Famotidine-Induced Mixed Hepatocellular Jaundice

OBJECTIVE: To report a case of probable famotidine-induced mixed hepatocellular jaundice. CASE SUMMARY: A 55-year-old man presented with a one-month history of mid-epigastric pain. Initial physical examination and laboratory studies, including liver enzyme concentration tests, were unrevealing. A diagnosis of gastritis was made and ranitidine was prescribed. Following one week of therapy, the patient's symptoms had not improved and therapy was changed to famotidine and sucralfate. Approximately one week later the patient presented with jaundice. Liver enzyme concentrations were elevated and the patient was hospitalized for further evaluation. Five days following discontinuation of famotidine, liver enzyme concentrations were normal and jaundice had resolved. Further tests did not reveal any pathologic etiology. DISCUSSION: Hepatic changes have occurred in patients receiving histamine2-antagonists; ranitidine and cimetidine have been cited most frequently.
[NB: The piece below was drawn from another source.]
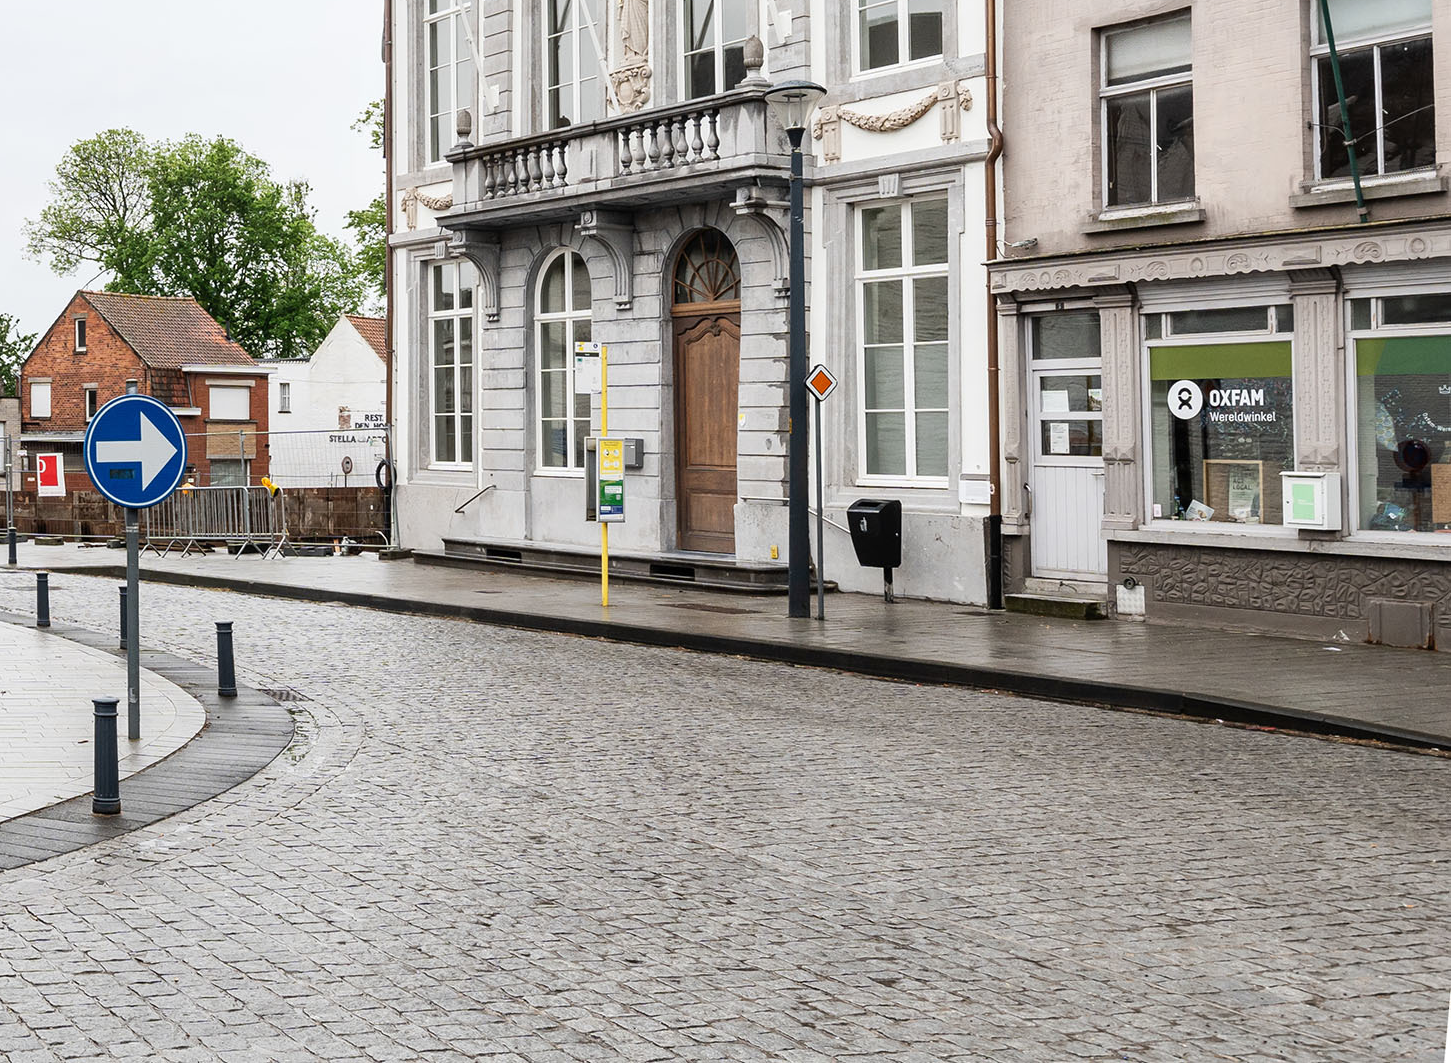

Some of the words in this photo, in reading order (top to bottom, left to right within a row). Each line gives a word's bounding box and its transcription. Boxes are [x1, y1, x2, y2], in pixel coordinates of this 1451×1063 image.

[1209, 389, 1264, 406] OXFAM
[1210, 411, 1277, 422] Wereldwinkel
[329, 435, 356, 443] STELLA
In general, the elevations are mild, transient, and return to baseline with continued therapy. This is one of the first case reports of probable famotidine-induced mixed hepatocellular jaundice. CONCLUSIONS: There was a temporal relationship between the patient's signs and symptoms and initiation of famotidine. No identifiable factors contributed to the elevated liver enzyme concentrations and jaundice.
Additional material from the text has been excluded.